=== Exercise input ===
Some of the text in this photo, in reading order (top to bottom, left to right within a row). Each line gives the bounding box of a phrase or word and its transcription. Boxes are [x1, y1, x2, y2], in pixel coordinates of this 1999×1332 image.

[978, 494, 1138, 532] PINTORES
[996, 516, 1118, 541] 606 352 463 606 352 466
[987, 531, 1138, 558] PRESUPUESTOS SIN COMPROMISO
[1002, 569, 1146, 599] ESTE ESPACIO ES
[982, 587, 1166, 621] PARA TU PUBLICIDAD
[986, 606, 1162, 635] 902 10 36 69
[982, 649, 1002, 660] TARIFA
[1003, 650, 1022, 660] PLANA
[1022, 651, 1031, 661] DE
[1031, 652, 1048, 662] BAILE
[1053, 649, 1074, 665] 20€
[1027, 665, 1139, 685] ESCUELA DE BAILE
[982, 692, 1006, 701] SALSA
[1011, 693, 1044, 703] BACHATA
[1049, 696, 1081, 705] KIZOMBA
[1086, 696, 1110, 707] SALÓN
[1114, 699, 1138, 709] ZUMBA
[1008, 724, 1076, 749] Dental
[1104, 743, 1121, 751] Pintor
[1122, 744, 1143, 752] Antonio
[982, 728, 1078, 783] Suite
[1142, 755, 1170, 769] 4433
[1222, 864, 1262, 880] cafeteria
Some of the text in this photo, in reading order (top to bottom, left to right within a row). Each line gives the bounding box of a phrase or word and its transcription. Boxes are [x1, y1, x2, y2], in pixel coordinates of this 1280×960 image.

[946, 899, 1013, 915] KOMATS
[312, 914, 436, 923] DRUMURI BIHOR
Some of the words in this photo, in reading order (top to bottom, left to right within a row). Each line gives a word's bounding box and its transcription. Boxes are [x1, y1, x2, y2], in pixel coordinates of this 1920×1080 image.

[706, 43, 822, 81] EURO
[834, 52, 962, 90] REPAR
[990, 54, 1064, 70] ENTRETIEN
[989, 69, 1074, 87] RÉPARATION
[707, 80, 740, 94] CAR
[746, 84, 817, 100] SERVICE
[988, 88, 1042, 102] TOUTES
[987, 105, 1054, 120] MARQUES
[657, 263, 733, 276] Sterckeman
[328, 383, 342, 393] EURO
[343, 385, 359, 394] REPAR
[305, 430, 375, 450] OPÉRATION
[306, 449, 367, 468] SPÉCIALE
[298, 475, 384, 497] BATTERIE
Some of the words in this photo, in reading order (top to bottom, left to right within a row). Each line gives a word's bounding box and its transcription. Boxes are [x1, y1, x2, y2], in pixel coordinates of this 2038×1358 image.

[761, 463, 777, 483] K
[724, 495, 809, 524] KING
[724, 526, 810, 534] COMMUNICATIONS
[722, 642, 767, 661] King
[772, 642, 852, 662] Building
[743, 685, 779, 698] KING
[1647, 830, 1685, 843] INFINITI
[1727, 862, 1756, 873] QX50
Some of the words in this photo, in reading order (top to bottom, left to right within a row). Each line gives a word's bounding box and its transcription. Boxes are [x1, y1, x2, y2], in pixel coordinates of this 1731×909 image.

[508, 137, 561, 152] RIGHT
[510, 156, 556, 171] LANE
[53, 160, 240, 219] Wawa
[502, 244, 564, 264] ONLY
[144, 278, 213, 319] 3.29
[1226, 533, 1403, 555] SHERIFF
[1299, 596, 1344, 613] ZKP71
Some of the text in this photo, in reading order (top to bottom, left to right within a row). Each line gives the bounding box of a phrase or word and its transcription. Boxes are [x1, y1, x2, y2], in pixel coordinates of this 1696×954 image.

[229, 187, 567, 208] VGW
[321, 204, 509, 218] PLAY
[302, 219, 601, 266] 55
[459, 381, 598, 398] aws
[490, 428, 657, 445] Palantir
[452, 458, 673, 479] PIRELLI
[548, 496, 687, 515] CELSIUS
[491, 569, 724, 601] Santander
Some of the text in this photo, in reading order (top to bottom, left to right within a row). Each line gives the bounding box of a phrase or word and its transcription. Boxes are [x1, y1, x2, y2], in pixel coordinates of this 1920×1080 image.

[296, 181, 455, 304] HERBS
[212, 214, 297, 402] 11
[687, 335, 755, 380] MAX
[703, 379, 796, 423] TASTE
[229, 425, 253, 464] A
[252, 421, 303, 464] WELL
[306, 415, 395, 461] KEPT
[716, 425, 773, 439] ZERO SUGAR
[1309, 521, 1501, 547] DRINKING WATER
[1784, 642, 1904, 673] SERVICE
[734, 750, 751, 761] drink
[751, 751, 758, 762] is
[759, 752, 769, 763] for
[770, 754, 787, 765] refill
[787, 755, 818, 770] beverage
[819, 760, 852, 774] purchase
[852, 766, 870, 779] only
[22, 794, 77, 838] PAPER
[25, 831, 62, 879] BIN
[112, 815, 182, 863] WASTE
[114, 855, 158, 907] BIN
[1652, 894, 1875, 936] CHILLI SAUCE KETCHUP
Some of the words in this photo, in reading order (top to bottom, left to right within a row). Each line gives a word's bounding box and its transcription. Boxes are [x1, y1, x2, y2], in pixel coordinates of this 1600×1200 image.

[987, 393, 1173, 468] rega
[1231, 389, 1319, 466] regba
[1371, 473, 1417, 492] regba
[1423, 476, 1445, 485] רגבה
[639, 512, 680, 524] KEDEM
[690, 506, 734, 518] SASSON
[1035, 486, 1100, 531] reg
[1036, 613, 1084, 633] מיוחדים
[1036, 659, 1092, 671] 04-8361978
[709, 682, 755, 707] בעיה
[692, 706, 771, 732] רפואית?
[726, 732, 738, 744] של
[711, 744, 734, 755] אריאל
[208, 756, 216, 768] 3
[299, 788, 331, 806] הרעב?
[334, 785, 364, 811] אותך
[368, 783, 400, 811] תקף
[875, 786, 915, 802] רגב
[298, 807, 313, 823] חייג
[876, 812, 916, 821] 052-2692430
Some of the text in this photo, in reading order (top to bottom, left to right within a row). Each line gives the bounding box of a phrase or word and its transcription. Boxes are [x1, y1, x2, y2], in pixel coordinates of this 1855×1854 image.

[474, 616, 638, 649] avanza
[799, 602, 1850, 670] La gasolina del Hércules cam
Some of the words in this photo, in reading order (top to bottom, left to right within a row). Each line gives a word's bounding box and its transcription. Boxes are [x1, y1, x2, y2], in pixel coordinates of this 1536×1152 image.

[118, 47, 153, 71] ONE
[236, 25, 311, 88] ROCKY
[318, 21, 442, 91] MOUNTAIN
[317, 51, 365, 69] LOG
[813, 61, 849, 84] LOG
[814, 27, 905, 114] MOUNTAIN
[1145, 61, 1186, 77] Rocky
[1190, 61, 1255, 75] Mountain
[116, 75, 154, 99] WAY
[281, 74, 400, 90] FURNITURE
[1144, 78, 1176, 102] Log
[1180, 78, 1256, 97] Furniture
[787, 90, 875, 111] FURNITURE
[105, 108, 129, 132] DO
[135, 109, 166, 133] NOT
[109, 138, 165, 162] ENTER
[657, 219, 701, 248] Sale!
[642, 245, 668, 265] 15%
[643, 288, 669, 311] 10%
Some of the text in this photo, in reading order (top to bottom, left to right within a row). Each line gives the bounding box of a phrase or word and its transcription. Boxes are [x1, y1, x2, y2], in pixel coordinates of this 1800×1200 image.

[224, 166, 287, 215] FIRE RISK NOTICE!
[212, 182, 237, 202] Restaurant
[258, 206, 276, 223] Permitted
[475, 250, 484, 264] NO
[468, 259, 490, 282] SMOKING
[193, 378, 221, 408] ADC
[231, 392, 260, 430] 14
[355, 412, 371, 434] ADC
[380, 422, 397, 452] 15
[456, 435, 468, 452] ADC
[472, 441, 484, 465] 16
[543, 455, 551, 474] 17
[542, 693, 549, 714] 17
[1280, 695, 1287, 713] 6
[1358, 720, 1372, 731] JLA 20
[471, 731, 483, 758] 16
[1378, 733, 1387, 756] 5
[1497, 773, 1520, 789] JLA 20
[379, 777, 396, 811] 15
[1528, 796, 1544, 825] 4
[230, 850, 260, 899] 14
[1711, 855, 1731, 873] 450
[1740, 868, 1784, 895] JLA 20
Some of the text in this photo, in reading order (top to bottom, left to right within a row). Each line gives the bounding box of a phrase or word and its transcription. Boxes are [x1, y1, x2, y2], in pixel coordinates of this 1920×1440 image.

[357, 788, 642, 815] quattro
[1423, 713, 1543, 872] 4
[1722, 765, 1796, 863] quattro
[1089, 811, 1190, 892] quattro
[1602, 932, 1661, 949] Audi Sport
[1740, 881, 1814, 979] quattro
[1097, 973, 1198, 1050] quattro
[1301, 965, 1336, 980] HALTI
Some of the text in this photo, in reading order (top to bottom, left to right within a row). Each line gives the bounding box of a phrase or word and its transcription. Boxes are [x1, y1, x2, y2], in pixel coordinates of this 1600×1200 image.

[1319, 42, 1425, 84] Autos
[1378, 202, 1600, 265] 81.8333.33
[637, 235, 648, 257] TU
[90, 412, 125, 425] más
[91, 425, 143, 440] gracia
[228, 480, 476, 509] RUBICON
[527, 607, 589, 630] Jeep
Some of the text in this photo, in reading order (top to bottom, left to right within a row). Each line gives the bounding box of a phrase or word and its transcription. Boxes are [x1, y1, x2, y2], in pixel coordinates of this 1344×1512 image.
===
- **Work instructions**
An exact copy of the lines from the one with "this 1800×1200 image." through the last line of the listing is the whole answer.

- **Written answer**
Some of the text in this photo, in reading order (top to bottom, left to right within a row). Each line gives the bounding box of a phrase or word and its transcription. Boxes are [x1, y1, x2, y2], in pixel coordinates of this 1800×1200 image.

[224, 166, 287, 215] FIRE RISK NOTICE!
[212, 182, 237, 202] Restaurant
[258, 206, 276, 223] Permitted
[475, 250, 484, 264] NO
[468, 259, 490, 282] SMOKING
[193, 378, 221, 408] ADC
[231, 392, 260, 430] 14
[355, 412, 371, 434] ADC
[380, 422, 397, 452] 15
[456, 435, 468, 452] ADC
[472, 441, 484, 465] 16
[543, 455, 551, 474] 17
[542, 693, 549, 714] 17
[1280, 695, 1287, 713] 6
[1358, 720, 1372, 731] JLA 20
[471, 731, 483, 758] 16
[1378, 733, 1387, 756] 5
[1497, 773, 1520, 789] JLA 20
[379, 777, 396, 811] 15
[1528, 796, 1544, 825] 4
[230, 850, 260, 899] 14
[1711, 855, 1731, 873] 450
[1740, 868, 1784, 895] JLA 20
Some of the text in this photo, in reading order (top to bottom, left to right within a row). Each line gives the bounding box of a phrase or word and its transcription. Boxes are [x1, y1, x2, y2], in pixel coordinates of this 1920×1440 image.

[357, 788, 642, 815] quattro
[1423, 713, 1543, 872] 4
[1722, 765, 1796, 863] quattro
[1089, 811, 1190, 892] quattro
[1602, 932, 1661, 949] Audi Sport
[1740, 881, 1814, 979] quattro
[1097, 973, 1198, 1050] quattro
[1301, 965, 1336, 980] HALTI
Some of the text in this photo, in reading order (top to bottom, left to right within a row). Each line gives the bounding box of a phrase or word and its transcription. Boxes are [x1, y1, x2, y2], in pixel coordinates of this 1600×1200 image.

[1319, 42, 1425, 84] Autos
[1378, 202, 1600, 265] 81.8333.33
[637, 235, 648, 257] TU
[90, 412, 125, 425] más
[91, 425, 143, 440] gracia
[228, 480, 476, 509] RUBICON
[527, 607, 589, 630] Jeep
Some of the text in this photo, in reading order (top to bottom, left to right within a row). Each line gives the bounding box of a phrase or word and its transcription. Boxes are [x1, y1, x2, y2], in pixel coordinates of this 1344×1512 image.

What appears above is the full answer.